18 Kilometer lang, gut sieben Milliarden Euro teuer: Der geplante Fehmarnbelt-Tunnel zwischen Dänemark und Deutschland ist ein großes Projekt. Bis heute ist der Nutzen des Tunnels umstritten. Dennoch könnte ab dem kommenden Jahr gebaut werden.

Von Johannes Kulms | 12.07.2020
Die blauen Kreuze auf Fehmarn und in Ostholstein sind das Symbol der Tunnelgegner
Die blauen Kreuze auf Fehmarn und in Ostholstein sind das Symbol der Tunnelgegner (Deutschlandradio / Johannes Kulms)
Noch ist nichts zu sehen vom Tunnel, der eines Tages einmal Deutschland und Dänemark verbinden soll. Doch vor der dänischen Ostseeinsel Lolland gehen die Vorbereitungen für das Projekt voran. Mehrfach in der Woche treffen seit kurzem Frachtschiffe aus Norwegen ein. Jedes Mal mit einer neuen Ladung Granitsteine. Auch an diesem sonnigen Tag Anfang Juli hat wieder ein Frachter zur Entladung an einem Schwimmponton festgemacht. Ein grüner Kran wuchtet die schweren Steine hinüber auf ein Floß. Insgesamt werden rund 2,3 Millionen Tonnen Granit benötigt für den Arbeitshafen.
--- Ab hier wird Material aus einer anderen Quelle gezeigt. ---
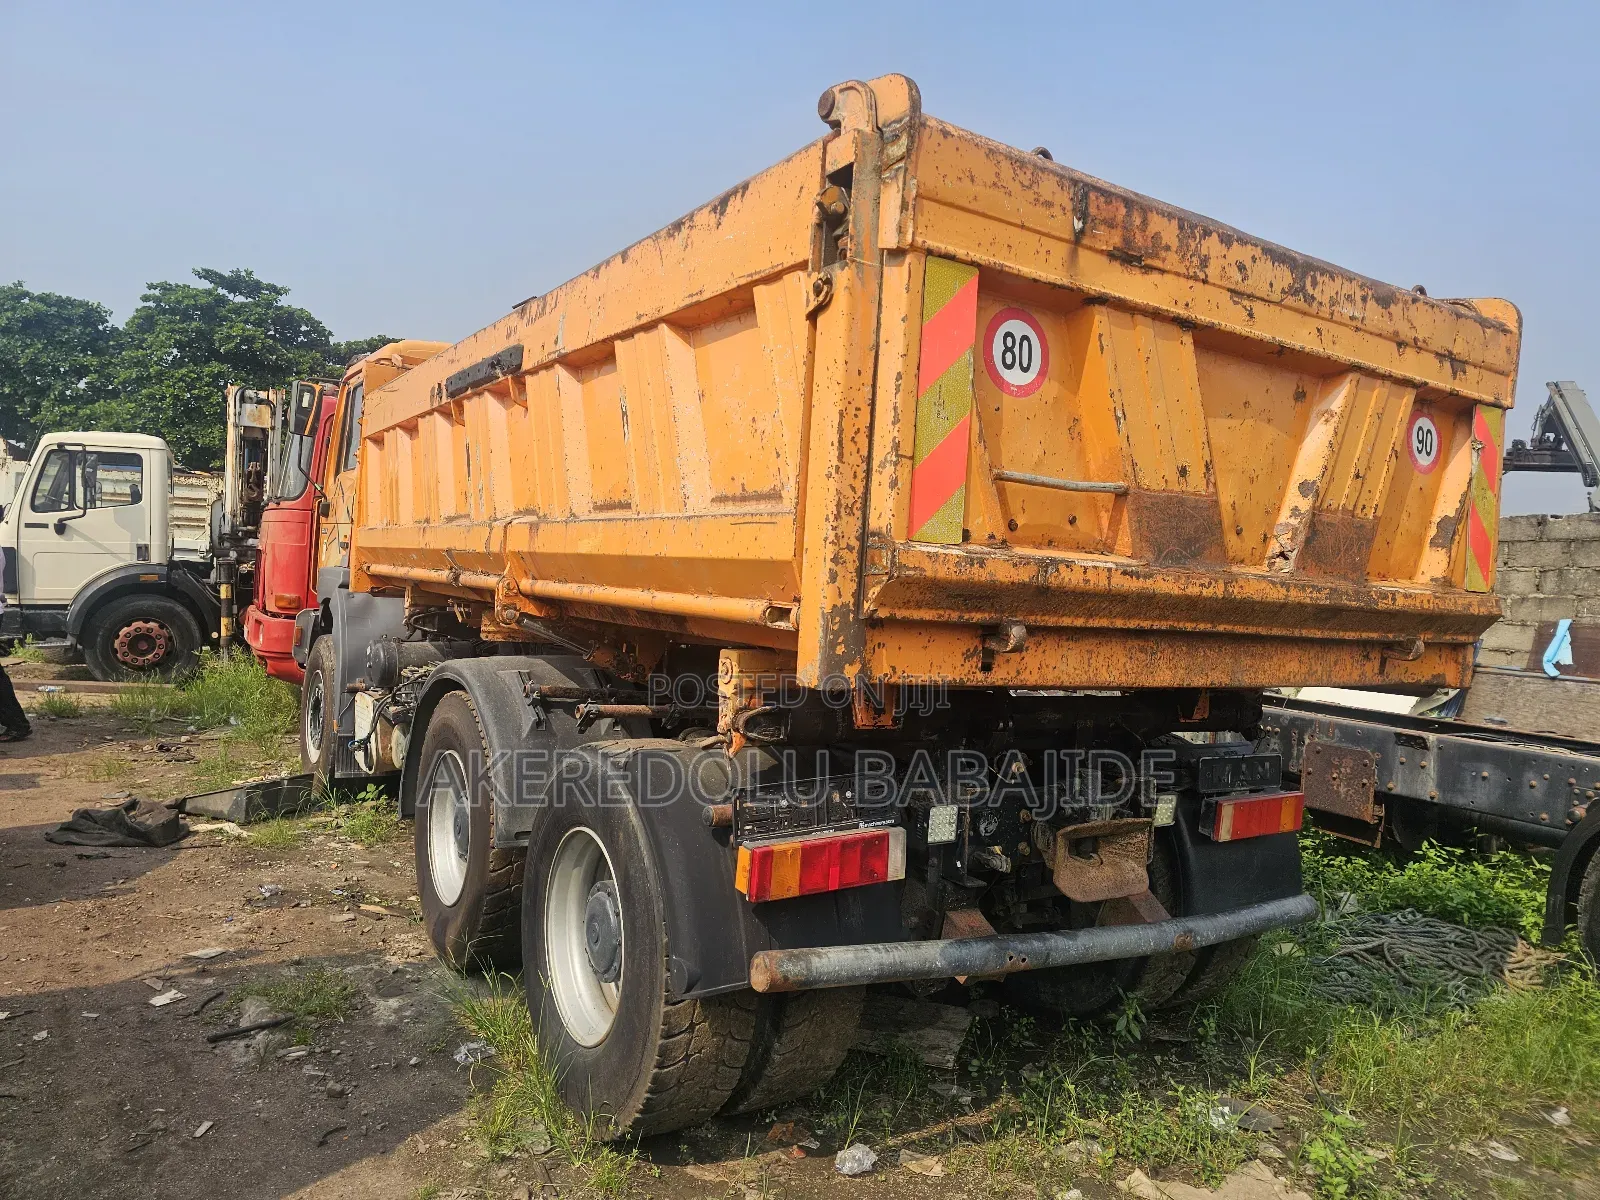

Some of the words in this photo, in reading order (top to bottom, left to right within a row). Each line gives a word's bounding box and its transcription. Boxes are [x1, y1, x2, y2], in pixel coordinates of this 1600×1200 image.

[1001, 331, 1033, 373] 80
[1416, 426, 1433, 457] 90
[1212, 760, 1271, 785] MAN
"Die Wellenbrecher schützen den Hafen und geben ihm seine Form. Auch der Strand wird mit den Steinen geschützt." Patrick Braam steht an der Reling eines kleinen gelben Transportboots und beobachtet die Szene. Er ist einer von rund 3.500 Mitarbeitenden, die in den nächsten Jahren das Großprojekt Fehmarnbelt-Tunnel auf dänischer Seite realisieren sollen. Der Niederländer Braam soll als "Offshore-Manager" vor allem das Ausbaggern des Grabens in der Ostsee überwachen, durch den ab 2029 der 18 Kilometer lange Tunnel verlaufen soll, zwischen Lolland und der deutschen Ostseeinsel Fehmarn.
"Die größte Herausforderung wird das Ausgraben der Tunnelrinne sein, mit allem, was dazu gehört. Die Logistik ist dabei sehr wichtig, der Fehmarnbelt ist ja eine Wasserstraße. Es wird Umweltschutzmaßnahmen geben. All das zusammen zu planen ist die größte Herausforderung."
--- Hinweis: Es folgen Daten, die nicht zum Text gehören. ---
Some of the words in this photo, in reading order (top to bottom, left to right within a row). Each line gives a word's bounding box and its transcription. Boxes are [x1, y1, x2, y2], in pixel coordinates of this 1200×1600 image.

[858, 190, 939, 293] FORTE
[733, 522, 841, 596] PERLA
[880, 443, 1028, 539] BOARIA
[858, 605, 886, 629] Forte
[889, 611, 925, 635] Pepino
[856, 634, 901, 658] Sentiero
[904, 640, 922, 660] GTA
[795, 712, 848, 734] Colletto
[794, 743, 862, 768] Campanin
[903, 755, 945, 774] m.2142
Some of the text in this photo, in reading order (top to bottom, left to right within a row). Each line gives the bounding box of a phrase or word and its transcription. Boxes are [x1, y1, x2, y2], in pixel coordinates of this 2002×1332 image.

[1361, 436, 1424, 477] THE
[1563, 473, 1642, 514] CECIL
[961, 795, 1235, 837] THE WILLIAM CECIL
Schnellere Verbindung soll Wirtschaft stärken
Seit 1963 gibt es eine Fährverbindung zwischen dem dänischen Rødbyhavn auf Lolland und dem deutschen Puttgarden auf Fehmarn. Die Schiffe brauchen für die Überfahrt eine Dreiviertelstunde. Mit einer deutlich schnelleren Verbindung durch den Tunnel erhoffen sich die Projektbefürworter wirtschaftliche Impulse für die ganze Region. Autos sollen in zehn Minuten den Fehmarnbelt durchfahren können, Züge im Tunnel nur noch sieben Minuten unterwegs sein. Damit könnte die Fahrtzeit zwischen Hamburg und Kopenhagen deutlich sinken. Statt heute rund 4,5 Stunden sollen die Schnellzüge dann nur noch etwa halb so lang brauchen. Denn das Projekt sieht auch vor, auf beiden Seiten der Meerenge die Schienen- und Straßenwege zu ertüchtigen.
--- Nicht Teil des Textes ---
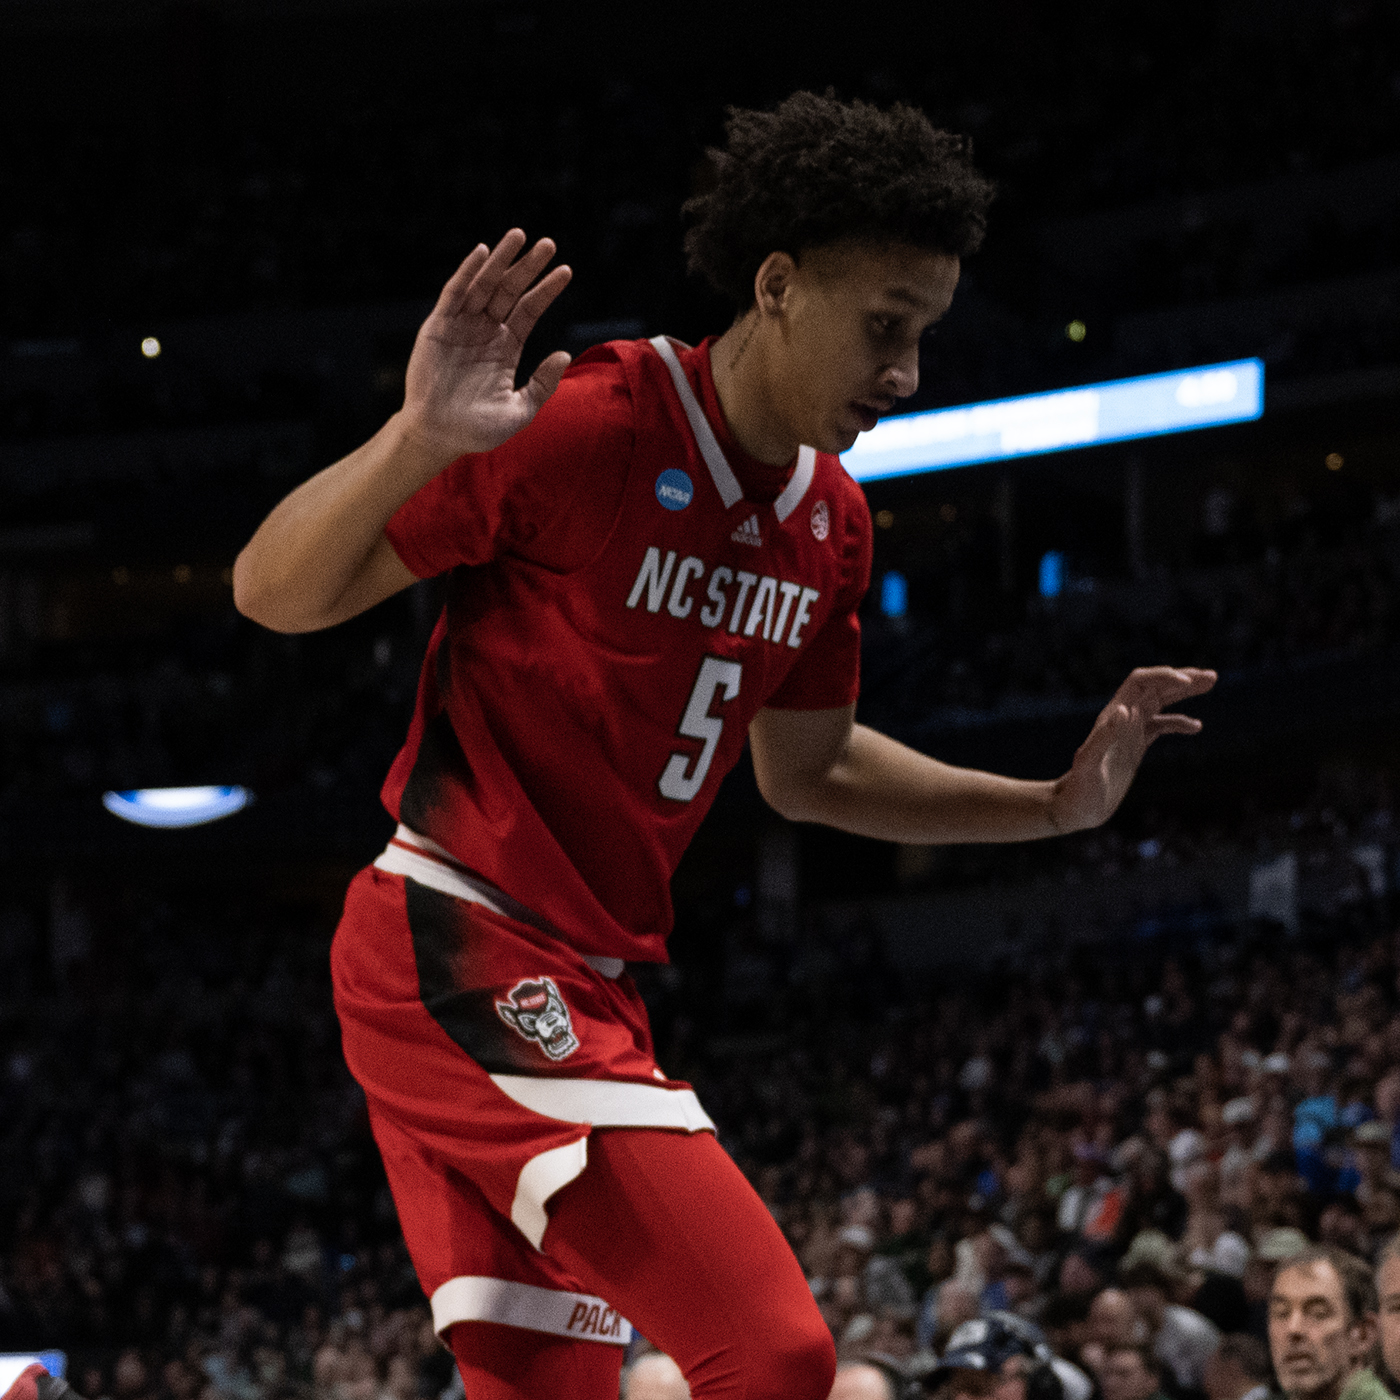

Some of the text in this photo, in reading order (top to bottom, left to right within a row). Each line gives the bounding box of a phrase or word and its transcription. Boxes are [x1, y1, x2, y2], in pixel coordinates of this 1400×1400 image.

Patrick Braam (Links) Ist Offshore-Manager beim Tunnelbau, Jens Villemoes Ist Pressesprecher von Femern AS
Patrick Braam (Links) Ist Offshore-Manager beim Tunnelbau, Jens Villemoes Ist Pressesprecher von Femern AS (Deutschlandradio / Johannes Kulms)
Am Ufer von Lolland türmen zwei Bagger von einem Schwimmponton aus die angelieferten Granitsteine zu einer Art Wall auf. Bereits im kommenden Jahr soll der Arbeitshafen fertig sein. Dann soll an Land auch eine Fabrik ihren Betrieb aufnehmen, in der die knapp 200 Meter langen und 70.000 Tonnen schweren Tunnelelemente gefertigt werden. Die wichtigsten Bestandteile dafür sind Stahl und Beton, wie ein Videoclip der Tunnelbaufirma Femern A/S zeigt, die sich im Besitz des dänischen Staates befindet:
"Die Gießarbeit ist ein fortwährender Prozess, in dem neun identische Teile zu einem fertigen Tunnelelement gegossen werden. Es dauert neun Wochen, ein Tunnelelement zu gießen. Das fertige Tunnelelement wird in ein Trockendock geschoben und transportfähig gemacht."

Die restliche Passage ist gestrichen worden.